--- WHAT NEEDS TO BE DONE ---
Word-for-word transcription needed. Include every entry below but no pictures.

--- DATA TO PROCESS ---
▼
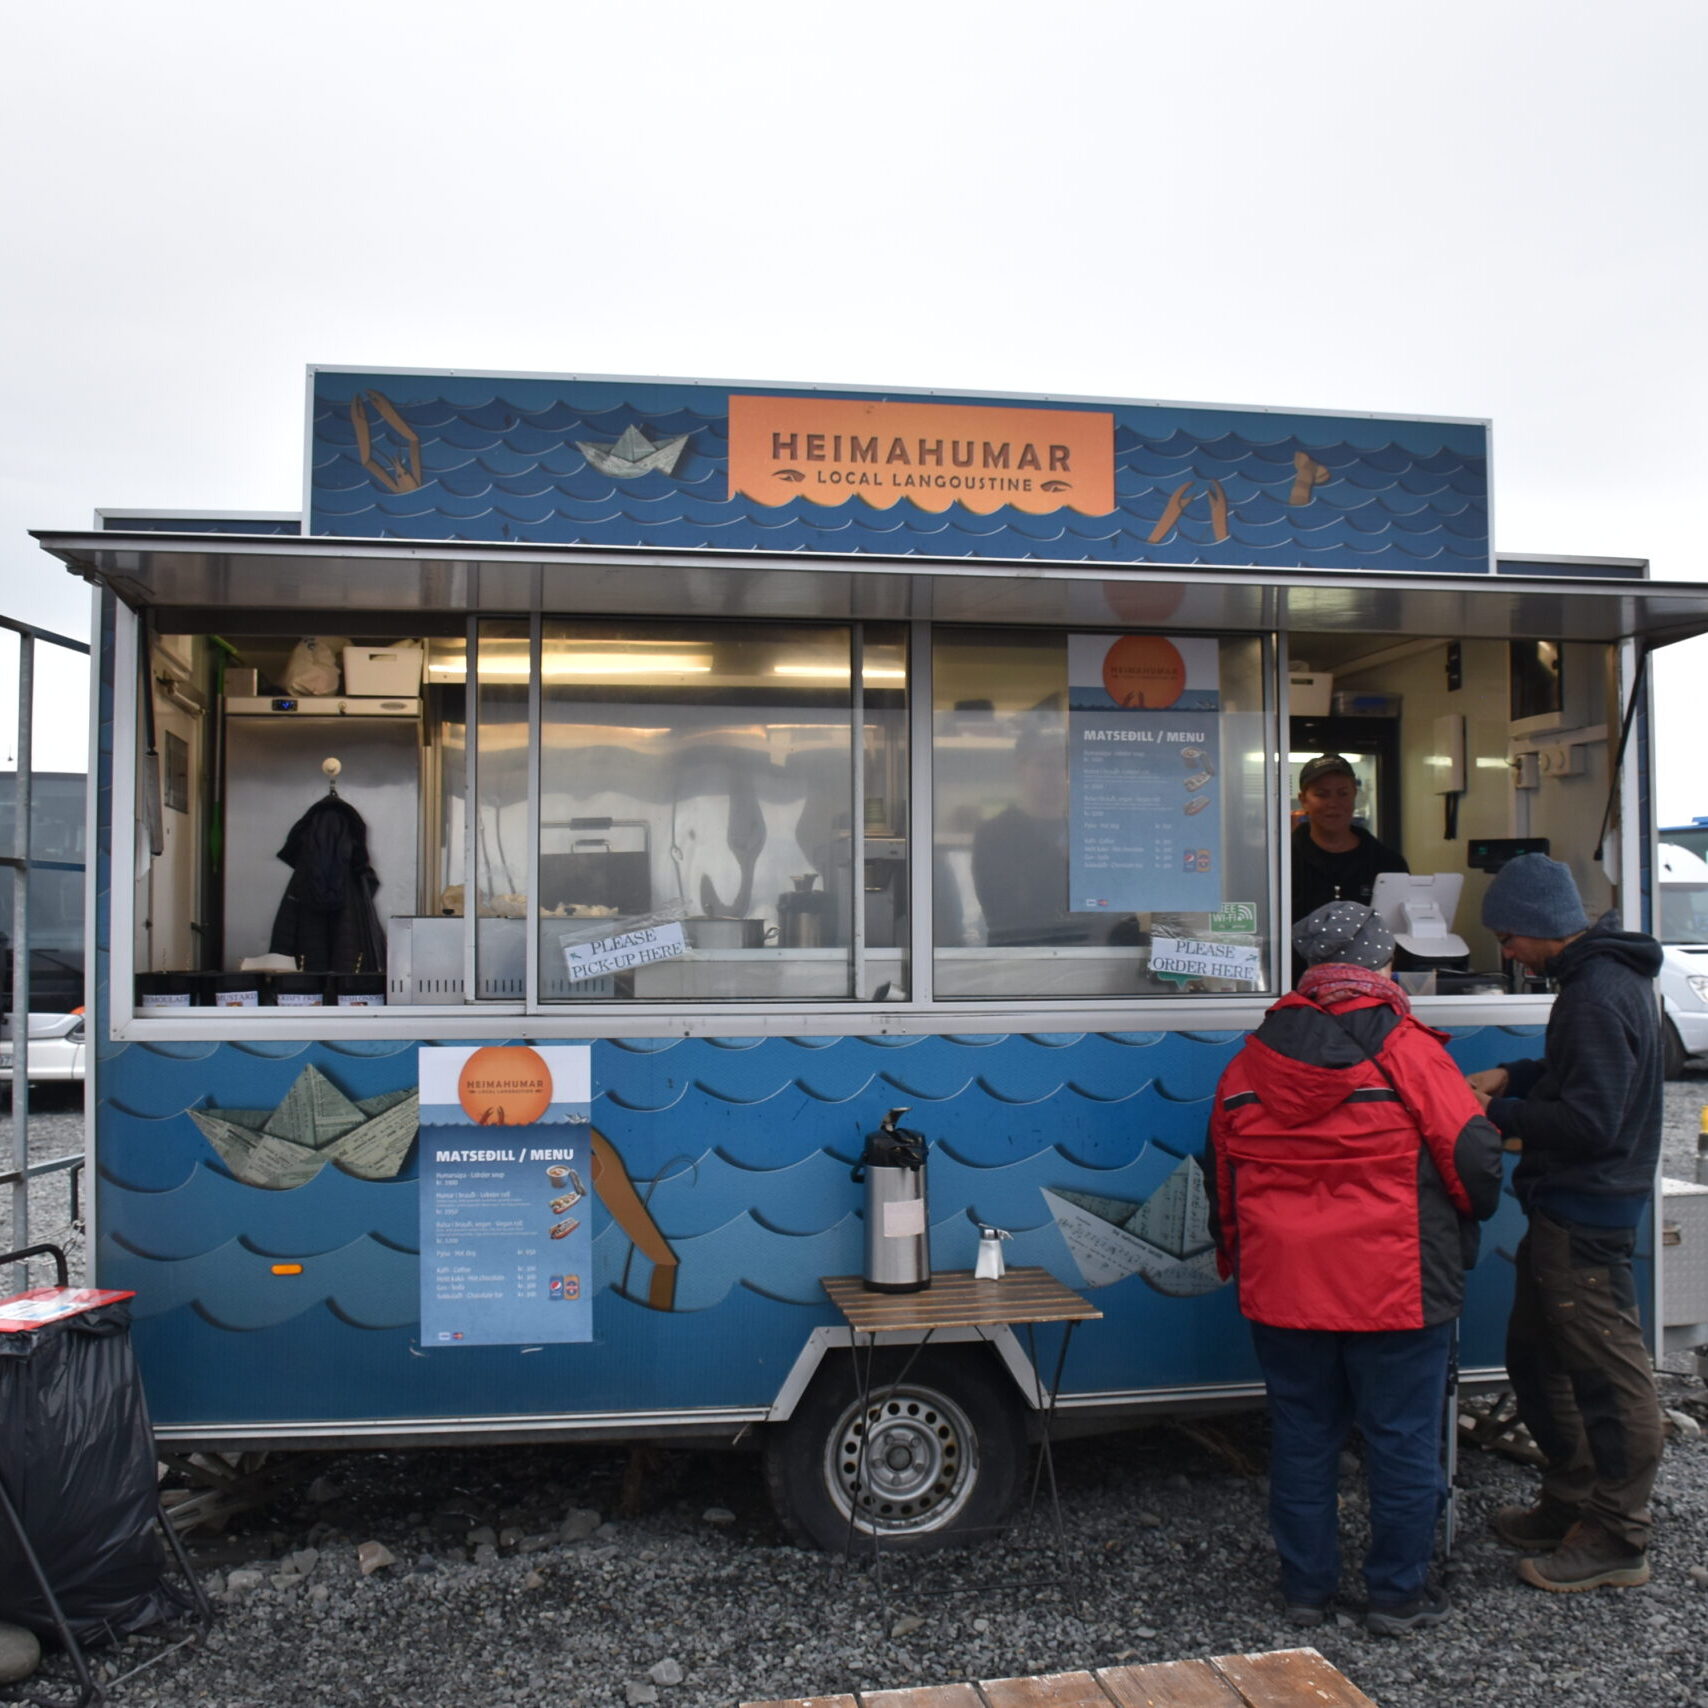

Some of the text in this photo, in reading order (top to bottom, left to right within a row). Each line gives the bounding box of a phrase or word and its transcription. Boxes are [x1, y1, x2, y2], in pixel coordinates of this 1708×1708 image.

[771, 431, 1072, 473] HEIMAHUMAR
[817, 469, 1034, 493] LOCAL LANGOUSTINE
[1166, 732, 1206, 744] MENU
[590, 929, 657, 956] PLEASE
[1175, 939, 1237, 959] PLEASE
[572, 942, 683, 979] PICK-UP HERE
[1152, 957, 1255, 980] ORDER HERE
[466, 1079, 544, 1089] HEIMAHUMAR
[530, 1148, 574, 1161] MENU
▲
--- RESPONSE BELOW ---
Some of the text in this photo, in reading order (top to bottom, left to right within a row). Each line gives the bounding box of a phrase or word and its transcription. Boxes are [x1, y1, x2, y2], in pixel coordinates of this 1708×1708 image.

[771, 431, 1072, 473] HEIMAHUMAR
[817, 469, 1034, 493] LOCAL LANGOUSTINE
[1166, 732, 1206, 744] MENU
[590, 929, 657, 956] PLEASE
[1175, 939, 1237, 959] PLEASE
[572, 942, 683, 979] PICK-UP HERE
[1152, 957, 1255, 980] ORDER HERE
[466, 1079, 544, 1089] HEIMAHUMAR
[530, 1148, 574, 1161] MENU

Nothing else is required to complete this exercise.